Judging forces us to put up walls instead of getting to know people for who they are.
As Sophia Petrillo would say, Picture this: a local Ku Klux Klan leader and an outspoken civil rights activist becoming good friends. During the racially charged summer of 1971, an outspoken, no nonsense civil rights leader named Ann Atwater went toe to toe with political leaders in her home town of Durham, North Carolina.
Her rival was C.P. Ellis, a local business owner and leader of the Ku Klux Klan. Ellis owned a gas station and would not sell gas to black people. He once shot up a white women’s house because she was secretly dating a black man.
Ann and C.P. never took the time to get to know each other. They automatically assumed they knew everything about each other based on their limited knowledge of one another.
These two leaders were basically forced to come together to co-chair a community summit on the desegregation of schools in Durham, N.C. The ensuing debate and battle soon lead to surprising revelations that change both of their lives forever. How did this happen?
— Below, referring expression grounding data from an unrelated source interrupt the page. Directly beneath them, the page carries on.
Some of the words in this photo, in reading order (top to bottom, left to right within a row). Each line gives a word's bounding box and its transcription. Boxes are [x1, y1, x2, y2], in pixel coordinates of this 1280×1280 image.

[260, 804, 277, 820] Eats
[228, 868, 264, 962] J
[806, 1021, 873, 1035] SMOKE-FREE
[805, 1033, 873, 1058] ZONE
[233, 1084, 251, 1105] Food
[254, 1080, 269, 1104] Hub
They reluctantly entered the No Judgement Zone.
Whenever we meet someone, we bring every experience we have had to that moment. Many times, we have formed an opinion about the person based on limited knowledge. We have concrete thoughts about ALL democrats and ALL republicans. We often judge lawyers, athletes, men, women and people depending on where they were born.
Although I am a black man, I assure you I am not like most black men you’ve met.
Although I am an educator, I assure you I am not like most educators you’ve met.
Although I am a husband, I know I am not like most husbands you’ve met.
Although I am a father, I am not like most father’s you’ve met.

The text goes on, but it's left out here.